Bandbreiten und Roudtrip
Wesentlich für das Usererlebnis sind die Verbindungsparameter Delay und Bandbreite. AWS gibt an, dass die Roundtrip-Zeit für ein ungetrübtes Virtual-Desktop-Erlebnis unter 100ms bleiben sollte; zwischen 100 und 250ms wäre arbeiten zwar möglich, aber die Performance würde darunter leiden. Darüber hinaus sollte man es besser bleiben lassen. Auf Basis dieser Roudtrip-Zeit gibt Amazon an, dass die maximale Entfernung zwischen dem Rechenzentrum von AWS und dem Client 3600km nicht überschreiten sollte.
Abbildung 3: Bandbreitenbedarf WorkSpace Client
Schwieriger wird es bei der Frage, wieviel Bandbreite pro Client benötigt wird. Das genutzte PCoIP-Protokoll für den Remote-Zugriff ist grundsätzlich dynamisch, insbesondere wenn nichts passiert, wird auch wenig übertragen. Da Bilder übertragen werden, spielt die Anzahl und Größe der Bildschirme auf Seite des Clients natürlich eine Rolle. Entsprechend findet man bei AWS keine konkreten Angaben über die Bandbreite.
Abbildung 3 zeigt eine Wiresharkaufzeichnung einer laufenden WorkSpace-Verbindung mittels Client. Gestreamt wurde auf einen Monitor mit einer Auflösung von 1920×1080. In den ersten 120 Sekunden wurde im Internet gesurft, dabei wurde bewusst eine Bilddatenbank aufgerufen, so dass sich möglichst viele Pixel in kurzer Zeit ändern. Wie man sehen kann, übersteigt der Bedarf 600kByte/s nicht, was immerhin 4,8 Mbit/s für einfaches Surfen in HD sind. Nach ca. 2 Minuten wurde dann ein Video auf youtube gestartet. Man erkennt leicht den sprunghaften Anstieg auf knapp 3,6 Mbytes/s, das sind dann schon satte 28,8 Mbit/s für einen einzelnen User mit einem Standard-Monitor.

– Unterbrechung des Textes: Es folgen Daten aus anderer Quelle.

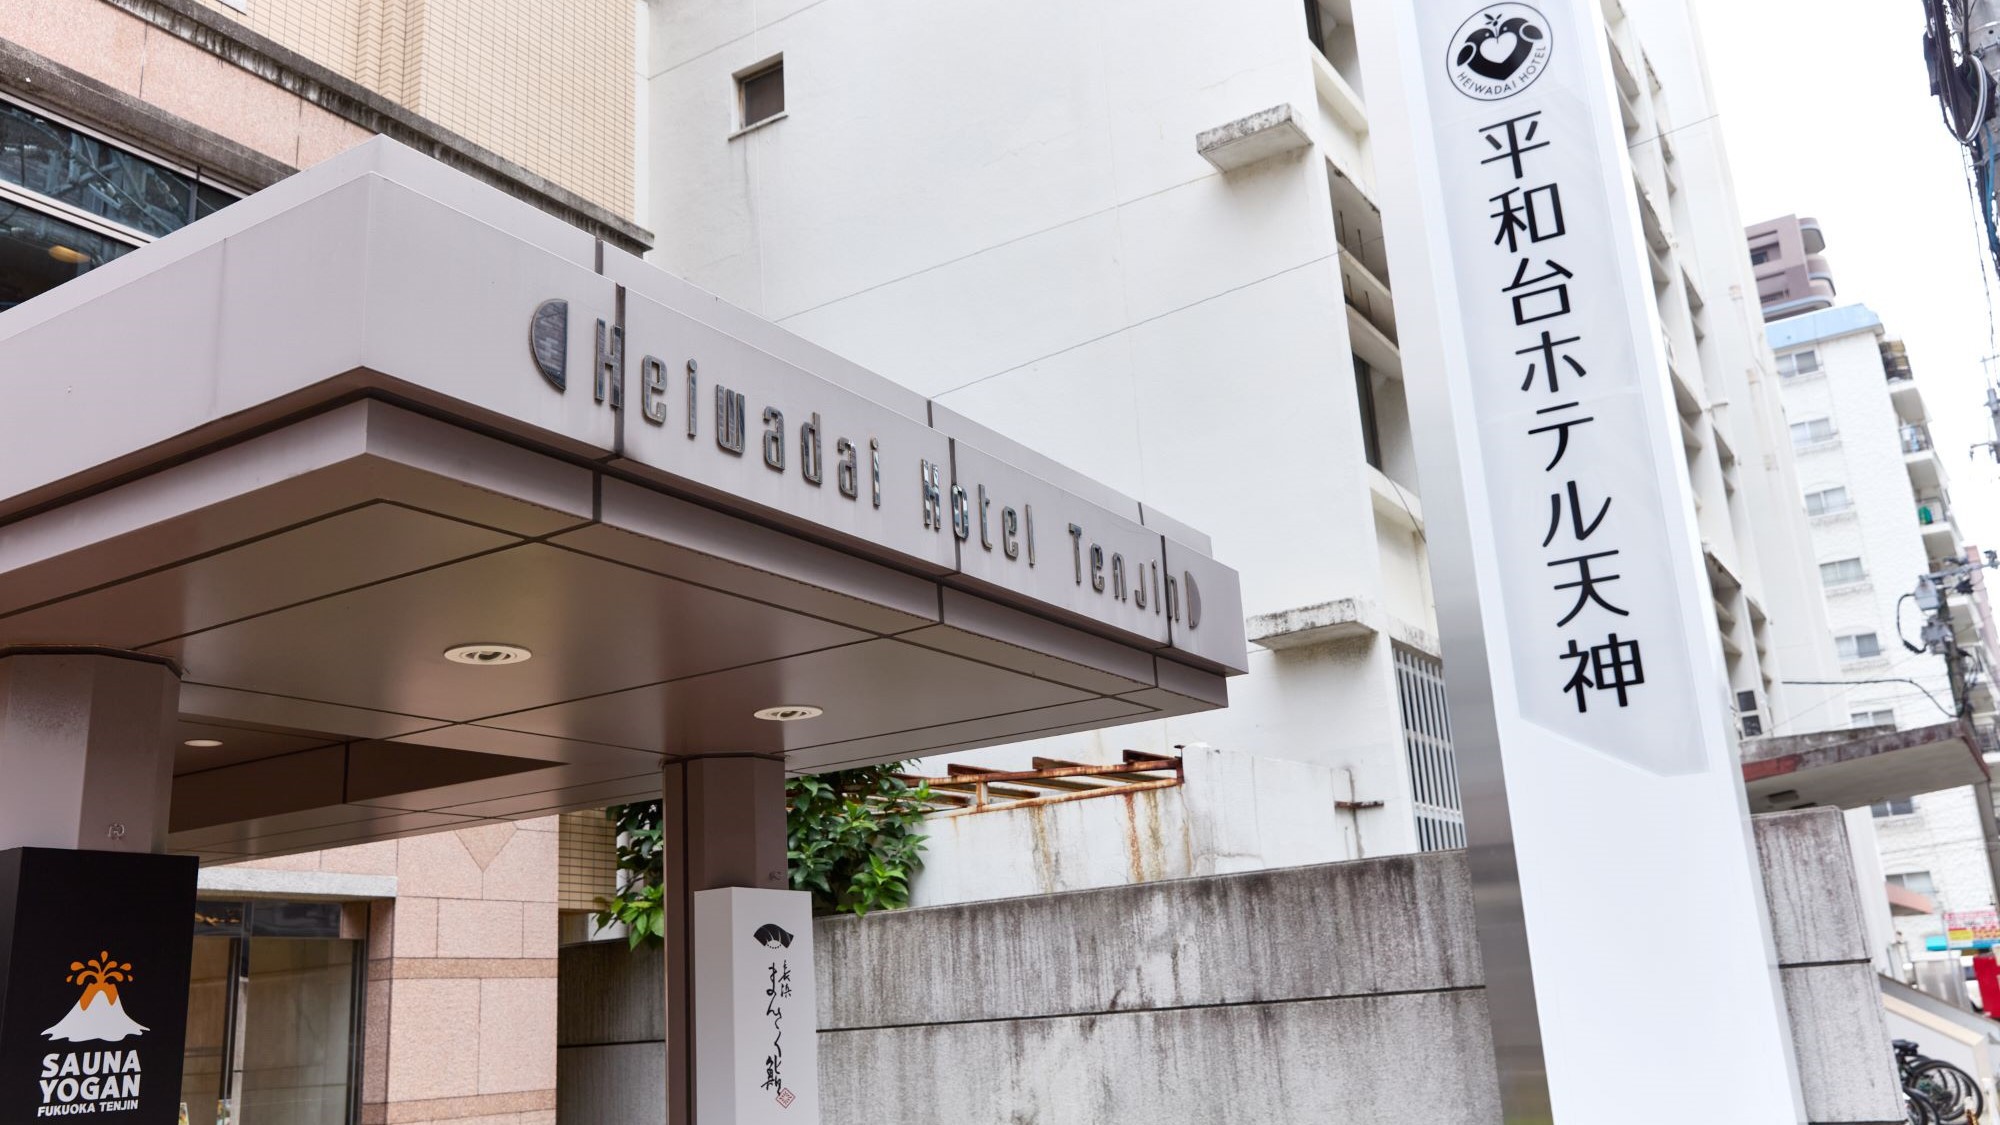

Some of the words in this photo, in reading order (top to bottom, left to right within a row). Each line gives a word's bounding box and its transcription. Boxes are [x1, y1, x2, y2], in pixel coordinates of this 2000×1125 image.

[1457, 71, 1517, 95] HEIWADAI
[1518, 45, 1546, 83] HOTEL
[1479, 110, 1645, 713] 平和台ホテル天神
[595, 317, 881, 507] Heiwadai
[921, 458, 1036, 566] Hotel
[41, 1050, 142, 1078] SAUNA
[37, 1102, 96, 1117] FUKUOKA
[99, 1099, 139, 1112] TENJIN
[39, 1074, 141, 1104] YOGAN
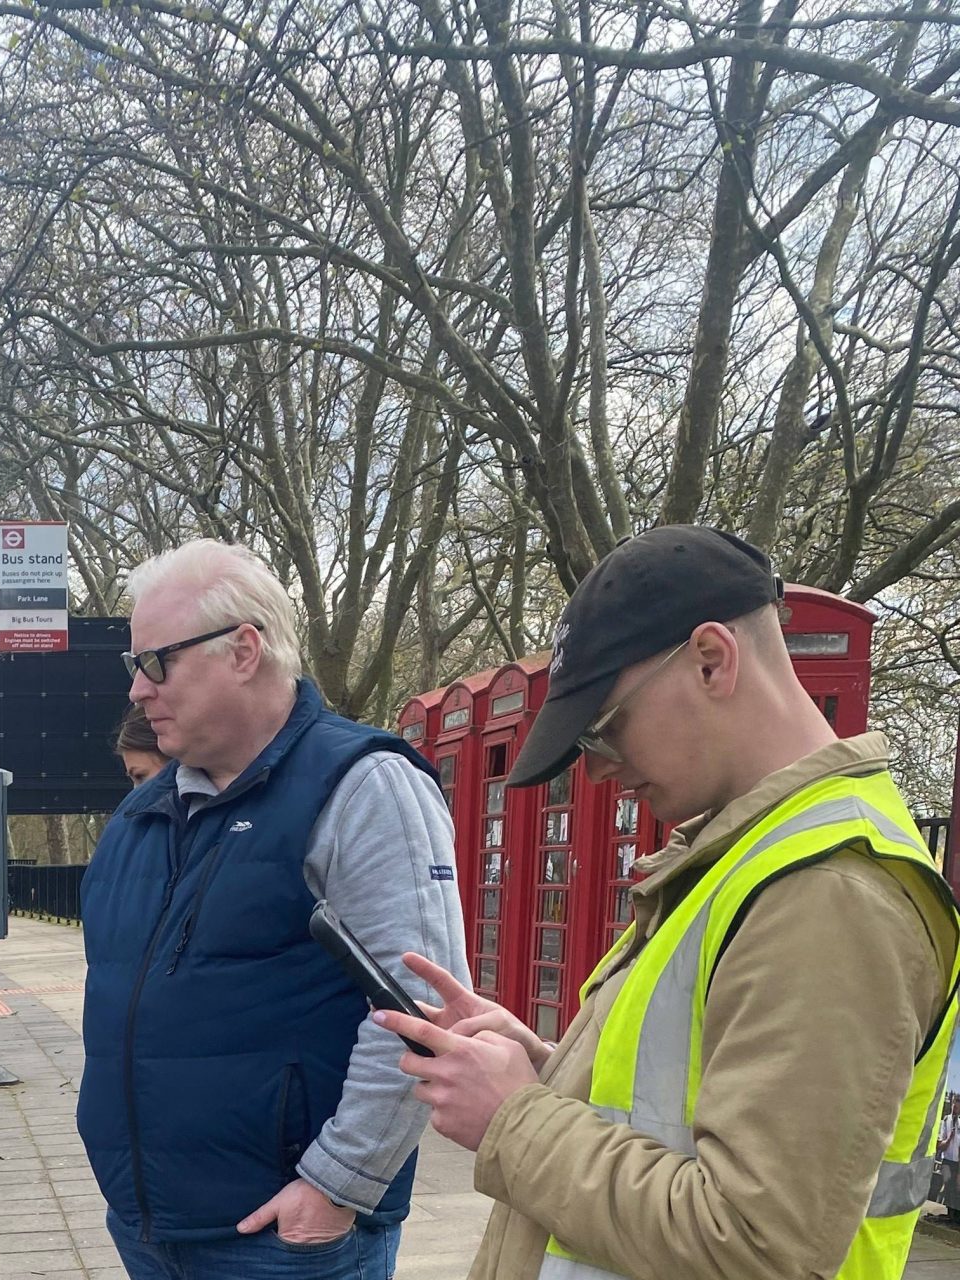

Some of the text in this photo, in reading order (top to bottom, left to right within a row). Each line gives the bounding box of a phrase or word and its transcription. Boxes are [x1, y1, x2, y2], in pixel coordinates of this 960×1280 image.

Abbildung 4: Direkter Zugriff auf dasselbe youtube Video
Zum Vergleich zeigt Abbildung 4 den Bandbreiten-Bedarf, wenn man auf demselben Monitor das Video direkt von youtube streamt. Man sieht sehr schön den progressiven Download, denn nach 75sec ist das komplette Video heruntergeladen, gestoppt wurde Wireshark, nachdem es vollständig durchgelaufen war. Der Download hat eine Geschwindigkeit von 700 kByte/s, also 5,6 Mbit/s. Zudem läuft er nur für ca. die Hälfte der Wiedergabezeit. Er hätte bei schlechterer Verbindung also problemlos gestreckt werden können, ohne dass der User etwas davon gemerkt hätte.
Bedenkt man, dass bis zu 4 Full-HD bzw. 2 Ultra-HD Monitore in Verbindung mit dem Cient genutzt werden können, summiert sich je nach Anwendung ein riesiger Bandbreitenbedarf für einen einzelnen User auf. Andererseits zeigt das Beispiel in Abbildung 3 aber auch, dass der Bedarf stark davon abhängt, was ein User gerade macht. Eine verlässliche Aussage für den Bedarf pro User ist somit seriös nicht möglich. Wer WorkSpaces betreiben will, sollte diese nur sukzessive Ausrollen und dabei ständig die Auslastung der Verbindung überwachen.